The Udder

The story of mastitis, a bacterial infection, and how it infects a cow’s teats is told literally and through personification in artist Marianna Simnett’s video THE UDDER, which is now streaming on the online cinema platform Vdrome. The 15-minute video is shot on a dairy farm, and cast with people who live and work there.

With little inflection, a young girl from the farm sings in a minor key: “mastitis, mastitis, my mammary gland is in pain/Chastity, chastity, give me the strength to abstain/Mastitis, mastitis I’m swollen so sore and inflamed/Chastity is my refrain.” In a matter of fact, deadpan tone, consistent with the rest of the video, the girl’s mother explains that a cow with mastitis has slowed milk production. Mastitis easily spreads between cows. Dairy farms need to treat mastitis quickly, and contain the infection.

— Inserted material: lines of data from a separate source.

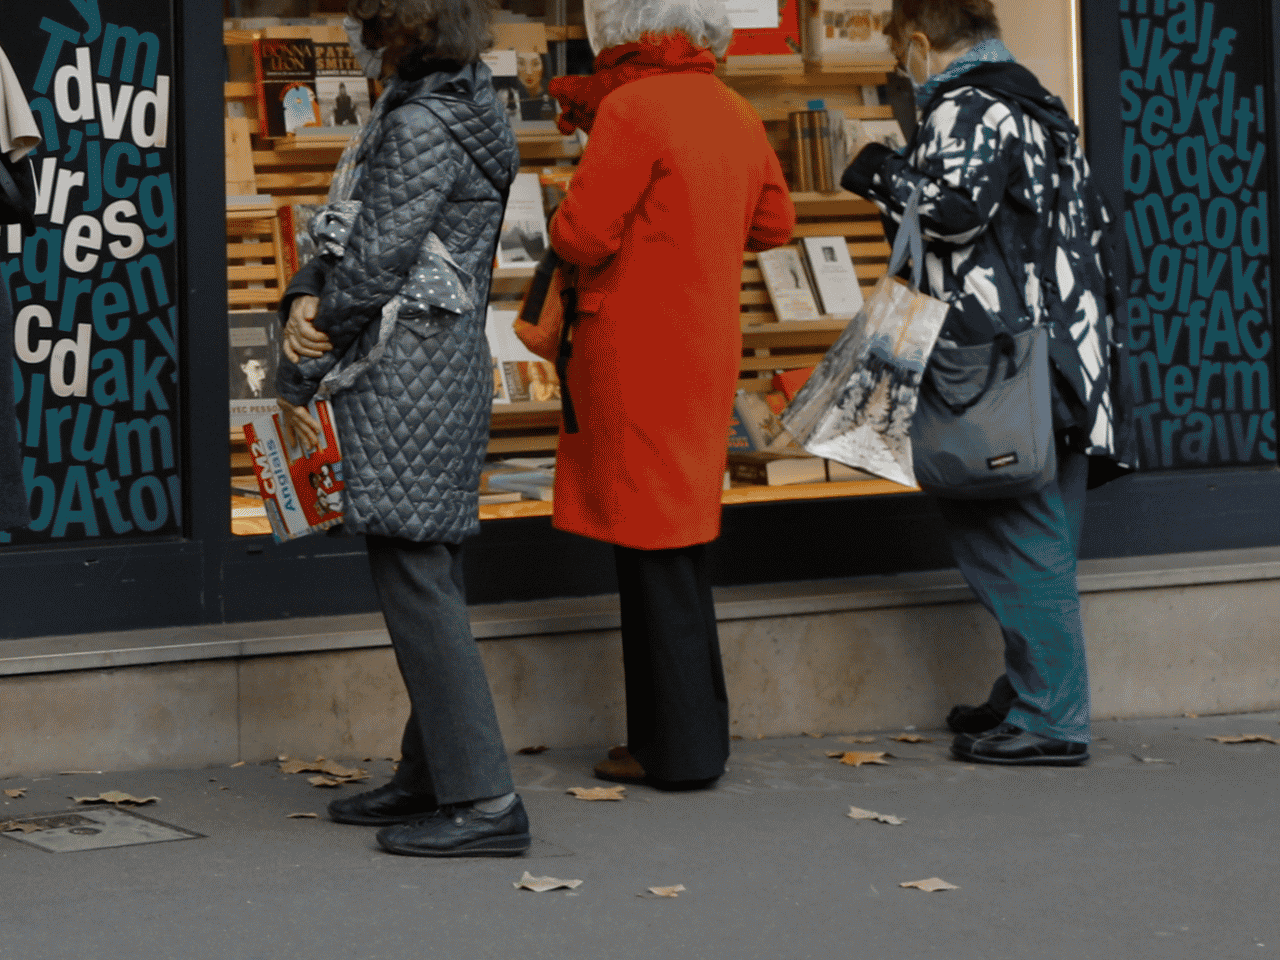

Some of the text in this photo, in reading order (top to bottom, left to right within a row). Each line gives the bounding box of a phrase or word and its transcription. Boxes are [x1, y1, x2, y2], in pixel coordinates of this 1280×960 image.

[53, 47, 170, 148] dvd
[14, 304, 92, 398] cd
[250, 438, 277, 496] CM2
[266, 437, 296, 512] Anglais
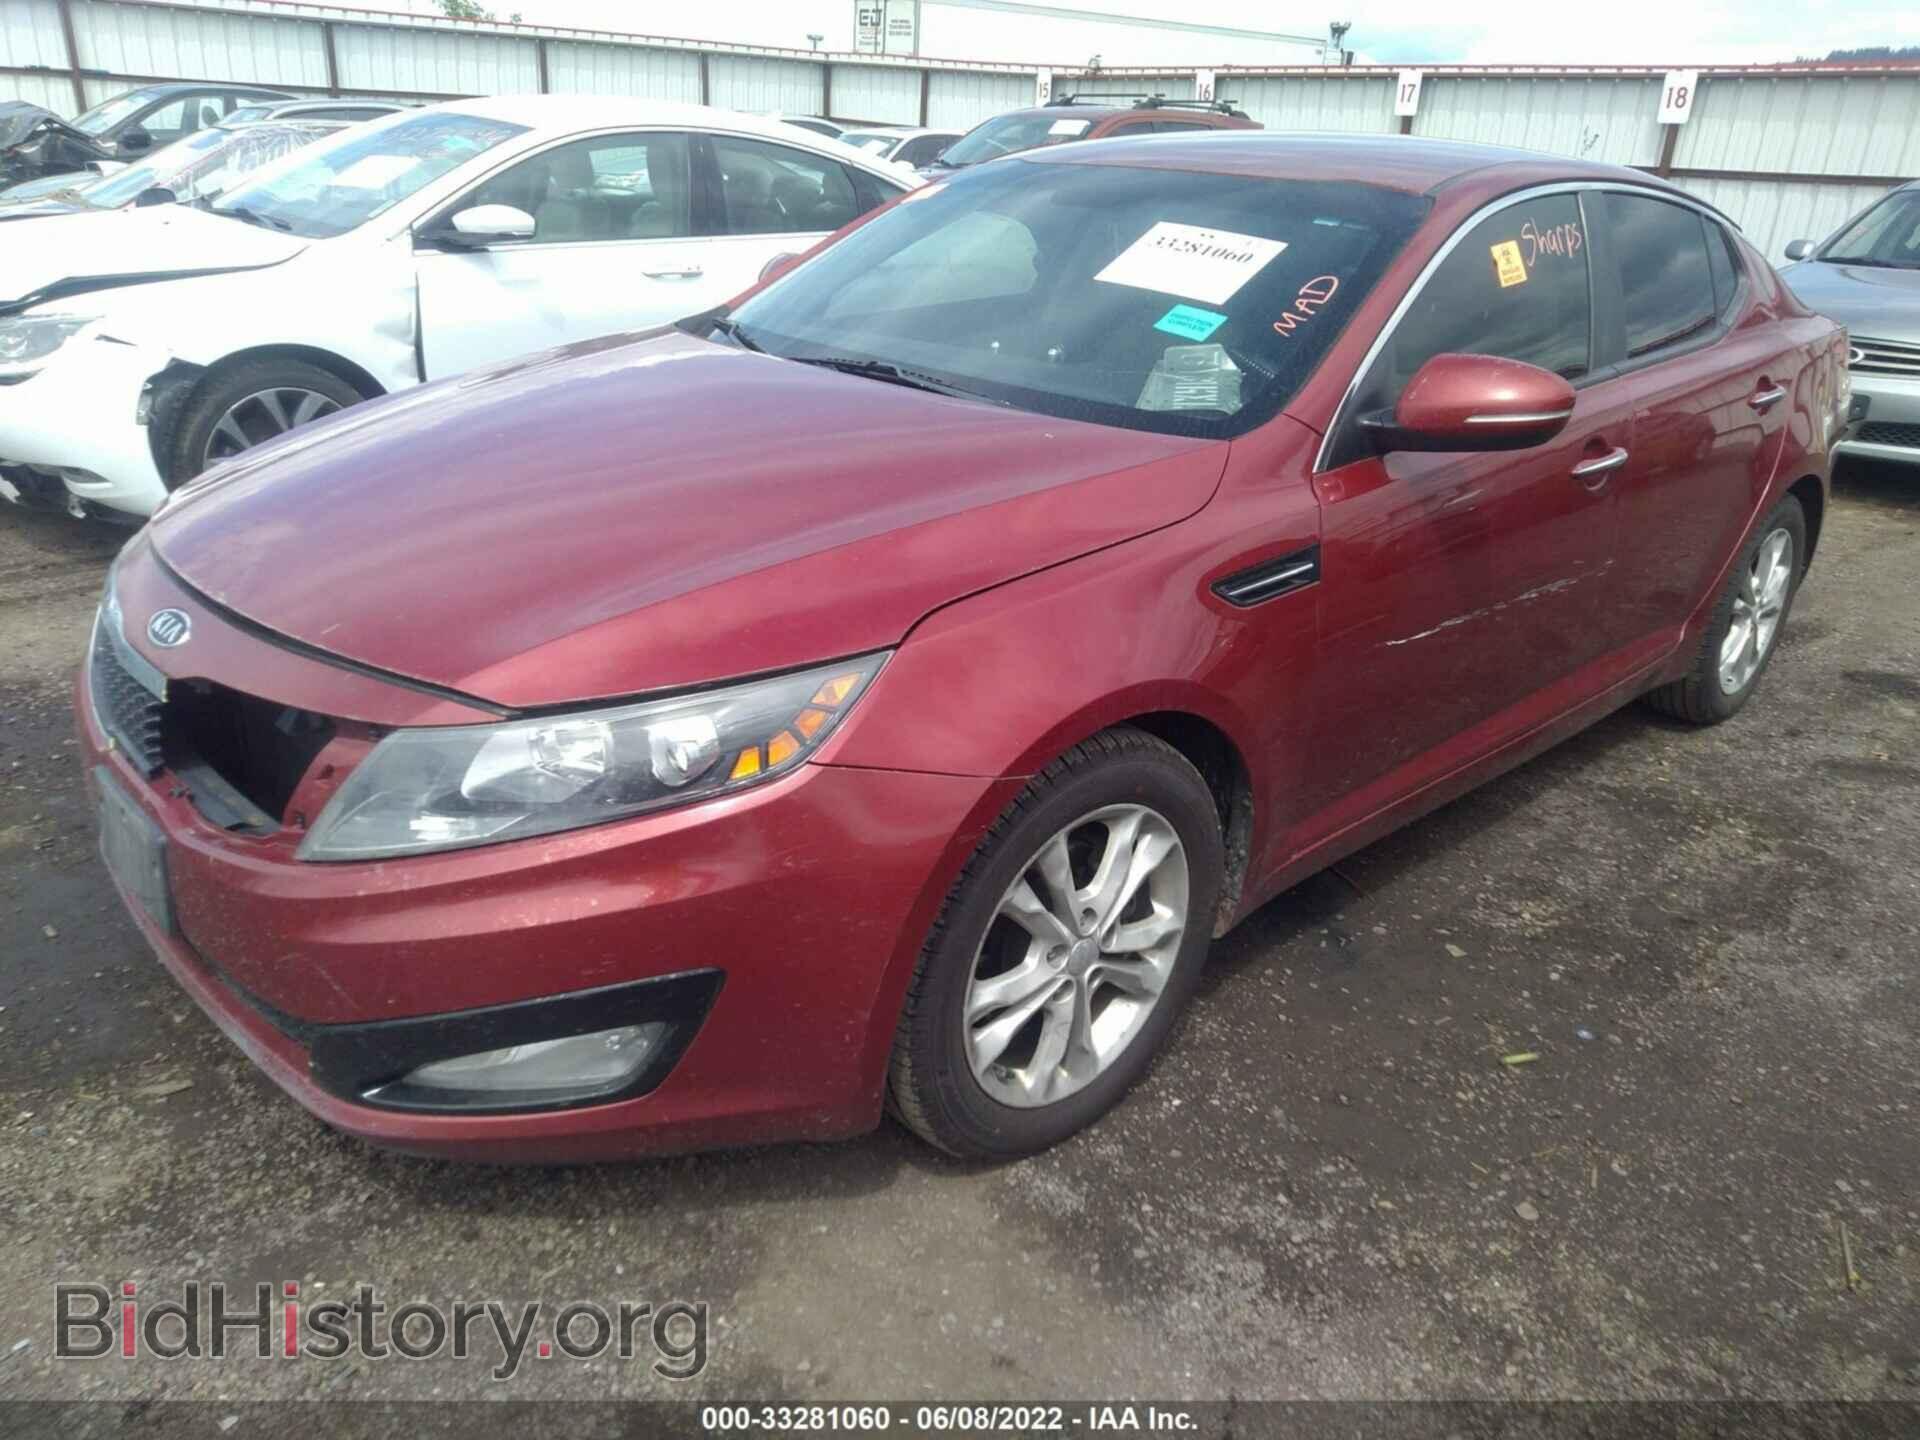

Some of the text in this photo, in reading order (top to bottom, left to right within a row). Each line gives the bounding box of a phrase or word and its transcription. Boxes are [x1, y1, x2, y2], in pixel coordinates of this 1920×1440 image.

[1039, 82, 1049, 99] 15
[1199, 83, 1211, 100] 16
[1400, 83, 1417, 103] 17
[1666, 86, 1688, 109] 18
[1521, 216, 1582, 267] Sharps
[1272, 275, 1339, 337] MAD
[151, 612, 183, 643] KIA

The modes of treating and containing mastitis are told through the actions of the young girl, who at times seems to personify the udder. She is advised to keep chaste and stay inside—quarantined like the infected cow. The udder is intimately presented. Marianna Simnett never shoots the face of the cow, just their udders: the teat being milked by hand, by a machine, massaged, cut open.


The outside world looks dangerous. When the girl ventures out, she is dressed to tempt aggressors, or mastitis—red lipstick, long hair blowing. Rather, the girl should keep her hair short. Long hair is “too likely to trap dirt and increase the risk of pathogens.” That’s not only true for girls. “Hair on the udder increases the risk of environmental mastitis, it should always be clipped,” the mother’s voice chimes in.

Marianna Simnett wrote and directed THE UDDER in 2014. It is available to stream for free on Vdrome through June 14. The video stars Isabel Maclaren, Emma Maclaren-Fraser, Simon Flitney, and Marcel and Jerome Somerlinck.